--- RECORDS TO PROCESS ---
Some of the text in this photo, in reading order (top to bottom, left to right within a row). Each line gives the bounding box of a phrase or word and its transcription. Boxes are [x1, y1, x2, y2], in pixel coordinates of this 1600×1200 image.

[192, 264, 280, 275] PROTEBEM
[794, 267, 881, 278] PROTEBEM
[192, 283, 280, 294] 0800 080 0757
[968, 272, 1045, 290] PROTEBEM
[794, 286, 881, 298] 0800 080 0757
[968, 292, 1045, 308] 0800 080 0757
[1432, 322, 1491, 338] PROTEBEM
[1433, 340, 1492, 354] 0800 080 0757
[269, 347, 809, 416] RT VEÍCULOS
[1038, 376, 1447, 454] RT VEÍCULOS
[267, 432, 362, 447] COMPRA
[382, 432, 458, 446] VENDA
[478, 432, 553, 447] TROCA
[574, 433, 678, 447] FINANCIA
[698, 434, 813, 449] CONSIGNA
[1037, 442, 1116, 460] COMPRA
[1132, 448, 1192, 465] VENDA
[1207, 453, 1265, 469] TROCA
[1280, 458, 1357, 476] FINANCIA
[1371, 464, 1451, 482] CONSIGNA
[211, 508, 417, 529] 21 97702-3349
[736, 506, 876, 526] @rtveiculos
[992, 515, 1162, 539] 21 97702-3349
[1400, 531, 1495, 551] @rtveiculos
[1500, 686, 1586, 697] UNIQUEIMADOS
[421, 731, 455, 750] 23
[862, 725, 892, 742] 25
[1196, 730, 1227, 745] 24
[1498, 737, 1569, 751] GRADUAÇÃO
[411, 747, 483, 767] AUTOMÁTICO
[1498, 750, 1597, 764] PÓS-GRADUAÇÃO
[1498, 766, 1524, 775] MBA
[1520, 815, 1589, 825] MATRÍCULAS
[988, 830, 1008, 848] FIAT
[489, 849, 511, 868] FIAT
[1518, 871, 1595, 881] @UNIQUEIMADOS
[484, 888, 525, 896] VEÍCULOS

--- WHAT YOU ARE ASKED TO DO ---
Each record must be printed again, word for word, with nothing dropped.

--- TASK RESULT ---
Some of the text in this photo, in reading order (top to bottom, left to right within a row). Each line gives the bounding box of a phrase or word and its transcription. Boxes are [x1, y1, x2, y2], in pixel coordinates of this 1600×1200 image.

[192, 264, 280, 275] PROTEBEM
[794, 267, 881, 278] PROTEBEM
[192, 283, 280, 294] 0800 080 0757
[968, 272, 1045, 290] PROTEBEM
[794, 286, 881, 298] 0800 080 0757
[968, 292, 1045, 308] 0800 080 0757
[1432, 322, 1491, 338] PROTEBEM
[1433, 340, 1492, 354] 0800 080 0757
[269, 347, 809, 416] RT VEÍCULOS
[1038, 376, 1447, 454] RT VEÍCULOS
[267, 432, 362, 447] COMPRA
[382, 432, 458, 446] VENDA
[478, 432, 553, 447] TROCA
[574, 433, 678, 447] FINANCIA
[698, 434, 813, 449] CONSIGNA
[1037, 442, 1116, 460] COMPRA
[1132, 448, 1192, 465] VENDA
[1207, 453, 1265, 469] TROCA
[1280, 458, 1357, 476] FINANCIA
[1371, 464, 1451, 482] CONSIGNA
[211, 508, 417, 529] 21 97702-3349
[736, 506, 876, 526] @rtveiculos
[992, 515, 1162, 539] 21 97702-3349
[1400, 531, 1495, 551] @rtveiculos
[1500, 686, 1586, 697] UNIQUEIMADOS
[421, 731, 455, 750] 23
[862, 725, 892, 742] 25
[1196, 730, 1227, 745] 24
[1498, 737, 1569, 751] GRADUAÇÃO
[411, 747, 483, 767] AUTOMÁTICO
[1498, 750, 1597, 764] PÓS-GRADUAÇÃO
[1498, 766, 1524, 775] MBA
[1520, 815, 1589, 825] MATRÍCULAS
[988, 830, 1008, 848] FIAT
[489, 849, 511, 868] FIAT
[1518, 871, 1595, 881] @UNIQUEIMADOS
[484, 888, 525, 896] VEÍCULOS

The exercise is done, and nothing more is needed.